[Instructions to follow] Your answer must be the records below repeated word for word, with no pictures in it.

◇ ◇ ◇ ◇ ◇ ◇ ◇

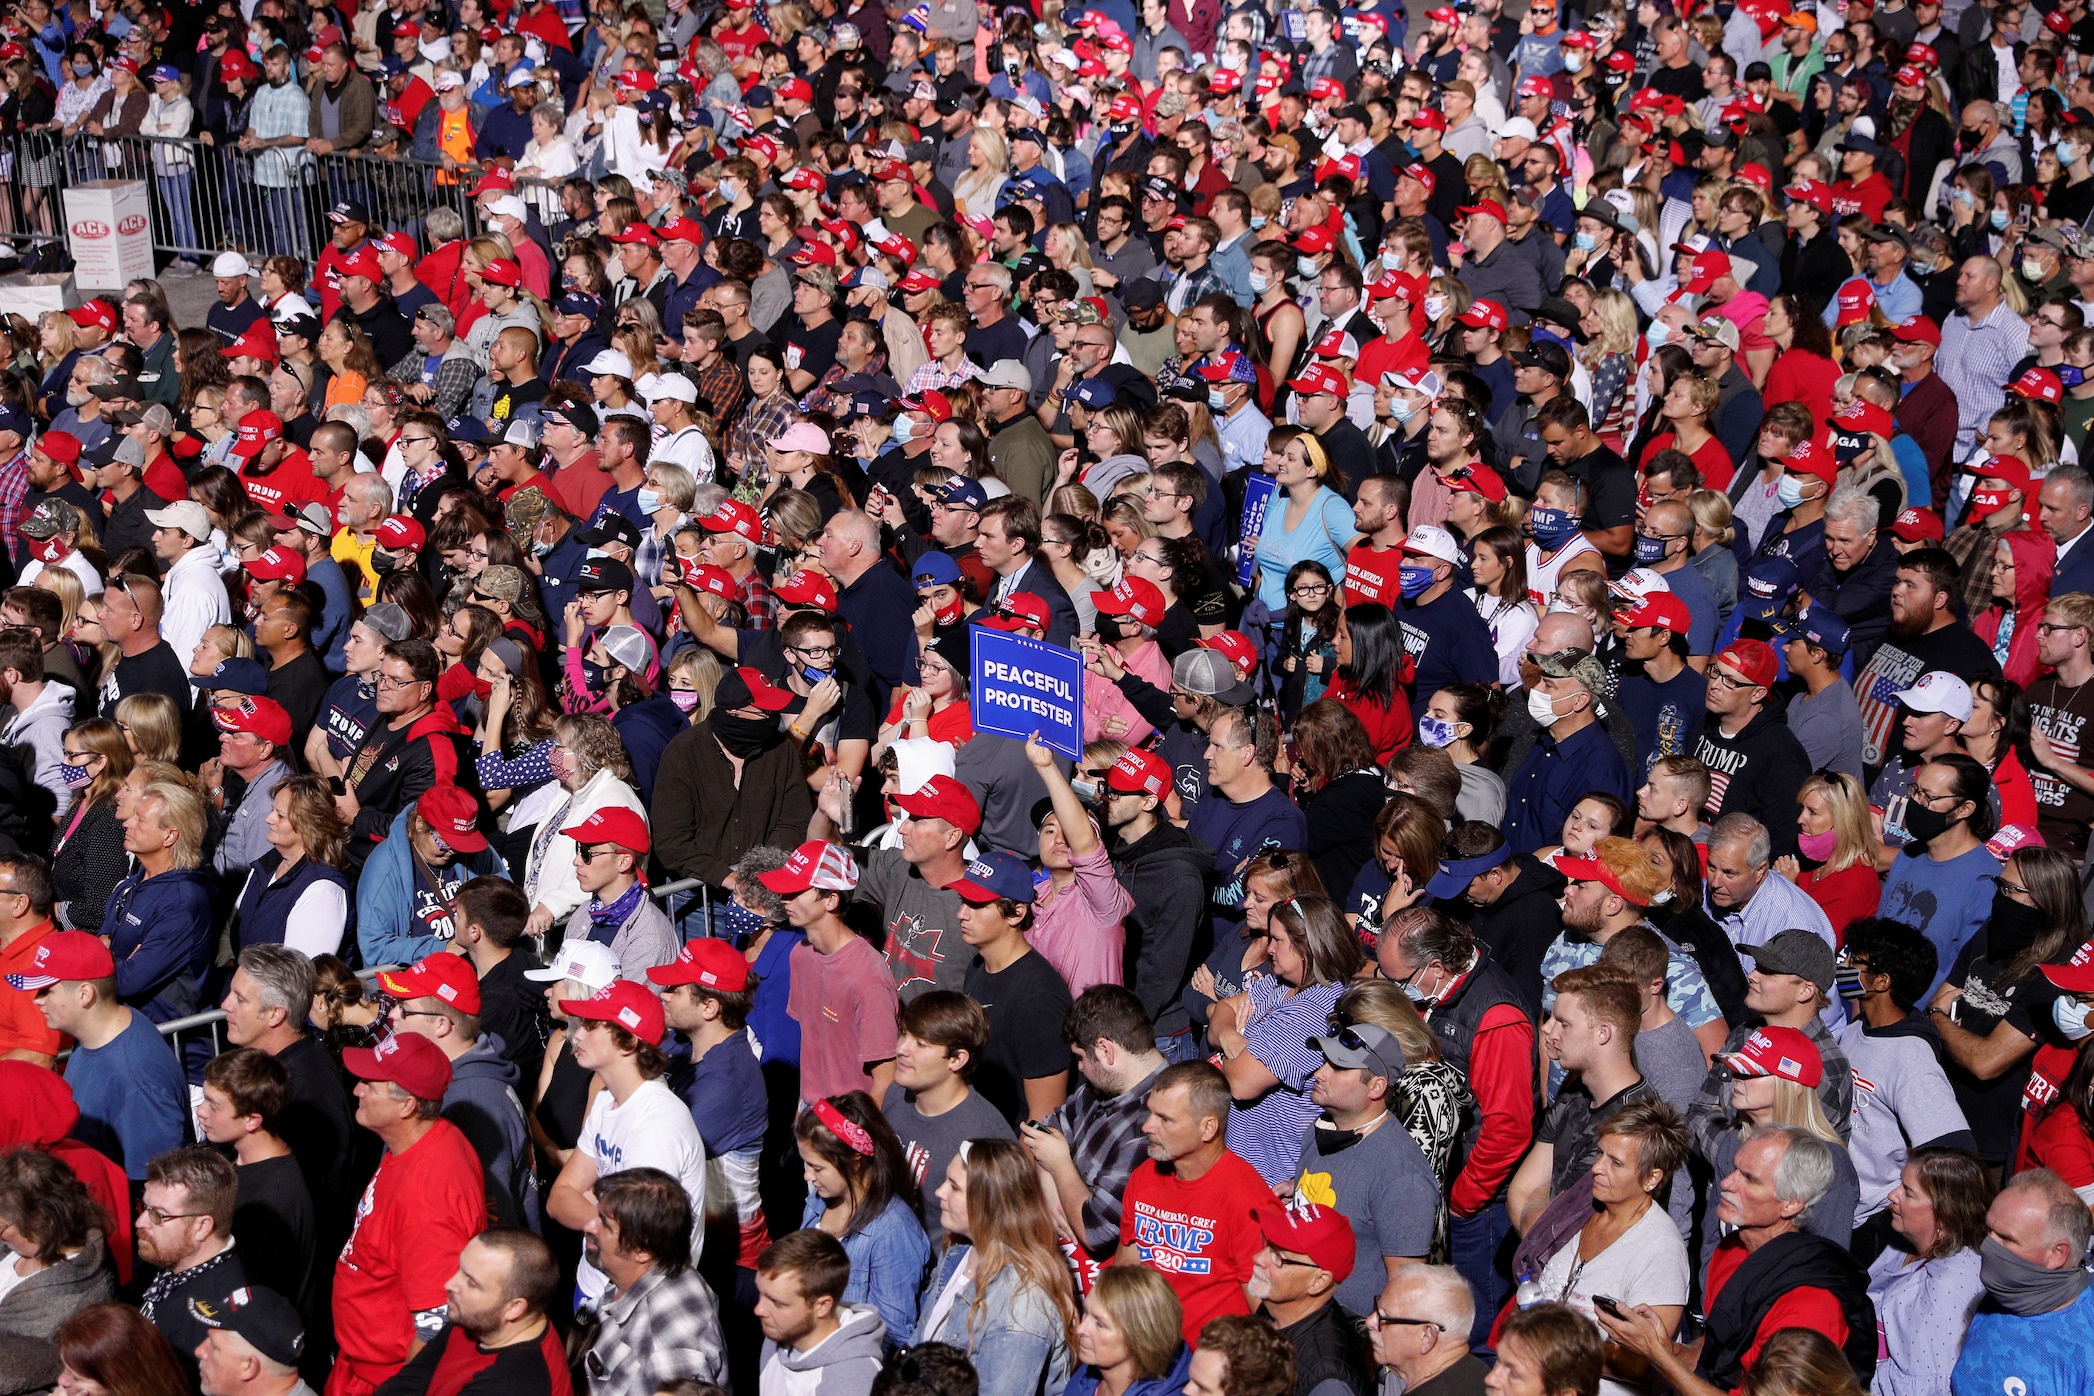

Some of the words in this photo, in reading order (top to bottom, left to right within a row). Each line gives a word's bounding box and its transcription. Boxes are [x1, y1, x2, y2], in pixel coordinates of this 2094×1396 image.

[1256, 78, 1273, 87] GA
[1605, 74, 1622, 84] GA
[75, 221, 107, 233] ACE
[120, 216, 146, 232] ACE
[248, 483, 283, 500] TRUMP
[1359, 568, 1384, 587] AMERICA
[1748, 576, 1777, 594] TRUMP
[1877, 642, 1907, 668] BIKERS
[1906, 654, 1927, 672] FOR
[1864, 651, 1916, 687] TRUMP
[984, 660, 1074, 703] PEACEFUL
[985, 688, 1073, 728] PROTESTER
[1028, 733, 1043, 742] 20
[1693, 734, 1747, 776] TRUMP
[2034, 779, 2057, 792] BILL
[1357, 929, 1376, 946] 202
[2028, 1076, 2059, 1105] TRU
[1132, 1201, 1153, 1218] KEEP
[1133, 1214, 1218, 1255] TRUMP
[193, 1305, 222, 1329] PRESIDENT

◇ ◇ ◇ ◇ ◇ ◇ ◇

[Reply]
Some of the words in this photo, in reading order (top to bottom, left to right within a row). Each line gives a word's bounding box and its transcription. Boxes are [x1, y1, x2, y2], in pixel coordinates of this 2094×1396 image.

[1256, 78, 1273, 87] GA
[1605, 74, 1622, 84] GA
[75, 221, 107, 233] ACE
[120, 216, 146, 232] ACE
[248, 483, 283, 500] TRUMP
[1359, 568, 1384, 587] AMERICA
[1748, 576, 1777, 594] TRUMP
[1877, 642, 1907, 668] BIKERS
[1906, 654, 1927, 672] FOR
[1864, 651, 1916, 687] TRUMP
[984, 660, 1074, 703] PEACEFUL
[985, 688, 1073, 728] PROTESTER
[1028, 733, 1043, 742] 20
[1693, 734, 1747, 776] TRUMP
[2034, 779, 2057, 792] BILL
[1357, 929, 1376, 946] 202
[2028, 1076, 2059, 1105] TRU
[1132, 1201, 1153, 1218] KEEP
[1133, 1214, 1218, 1255] TRUMP
[193, 1305, 222, 1329] PRESIDENT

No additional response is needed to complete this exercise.